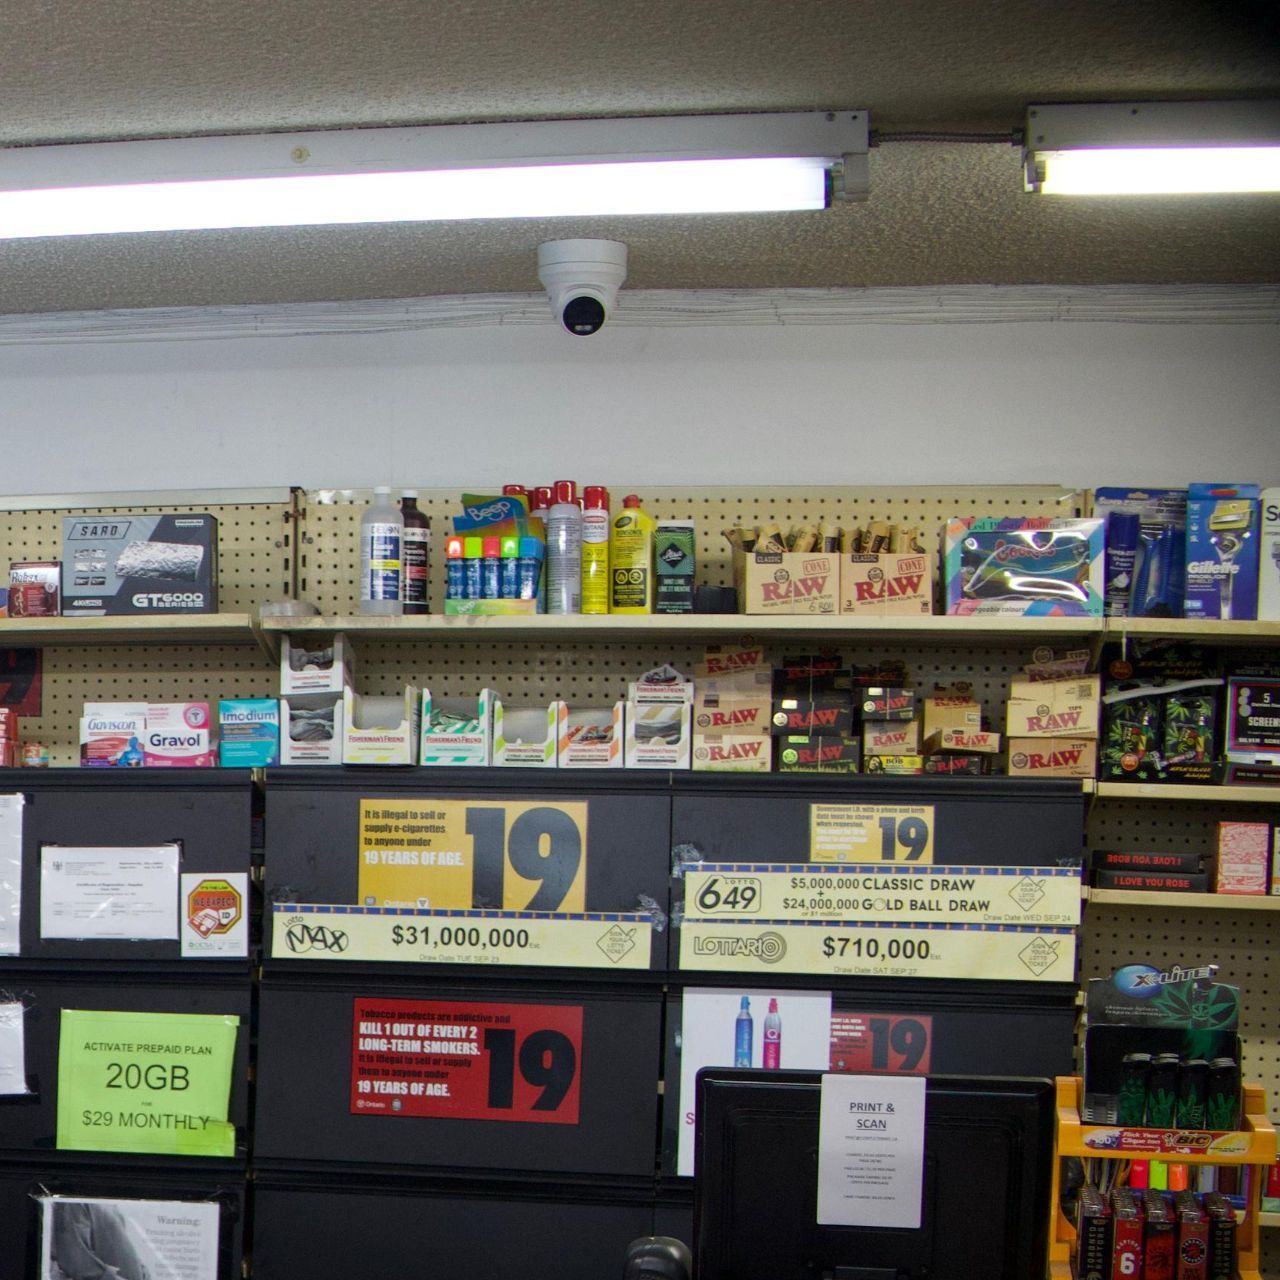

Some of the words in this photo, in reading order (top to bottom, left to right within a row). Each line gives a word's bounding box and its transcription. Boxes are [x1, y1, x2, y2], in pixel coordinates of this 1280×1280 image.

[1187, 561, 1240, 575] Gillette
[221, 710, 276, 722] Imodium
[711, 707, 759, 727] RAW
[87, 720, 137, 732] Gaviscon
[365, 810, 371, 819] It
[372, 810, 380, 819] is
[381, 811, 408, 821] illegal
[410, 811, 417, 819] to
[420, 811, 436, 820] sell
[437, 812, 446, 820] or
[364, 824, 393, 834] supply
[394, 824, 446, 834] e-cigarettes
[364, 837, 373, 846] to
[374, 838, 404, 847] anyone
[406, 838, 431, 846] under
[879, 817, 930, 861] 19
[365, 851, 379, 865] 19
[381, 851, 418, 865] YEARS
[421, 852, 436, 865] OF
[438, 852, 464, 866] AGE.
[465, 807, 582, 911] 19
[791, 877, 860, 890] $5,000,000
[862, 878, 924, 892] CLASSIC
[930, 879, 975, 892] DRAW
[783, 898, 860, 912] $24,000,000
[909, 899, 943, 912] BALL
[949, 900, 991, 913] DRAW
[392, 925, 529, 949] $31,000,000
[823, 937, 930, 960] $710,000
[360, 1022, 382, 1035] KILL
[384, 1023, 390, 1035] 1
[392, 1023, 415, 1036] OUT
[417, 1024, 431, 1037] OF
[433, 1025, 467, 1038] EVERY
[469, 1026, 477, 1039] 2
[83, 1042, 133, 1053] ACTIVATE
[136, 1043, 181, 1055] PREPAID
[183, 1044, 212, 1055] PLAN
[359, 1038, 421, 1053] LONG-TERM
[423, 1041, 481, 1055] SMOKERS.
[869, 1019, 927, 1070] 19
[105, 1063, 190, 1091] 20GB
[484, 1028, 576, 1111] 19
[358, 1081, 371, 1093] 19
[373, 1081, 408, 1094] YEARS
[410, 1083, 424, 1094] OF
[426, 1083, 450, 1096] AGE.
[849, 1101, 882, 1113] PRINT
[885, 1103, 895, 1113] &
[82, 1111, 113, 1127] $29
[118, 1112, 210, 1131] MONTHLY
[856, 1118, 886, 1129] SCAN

::::

Copy the lines from the entries above in which the word "YEARS" appears.

[381, 851, 418, 865] YEARS
[373, 1081, 408, 1094] YEARS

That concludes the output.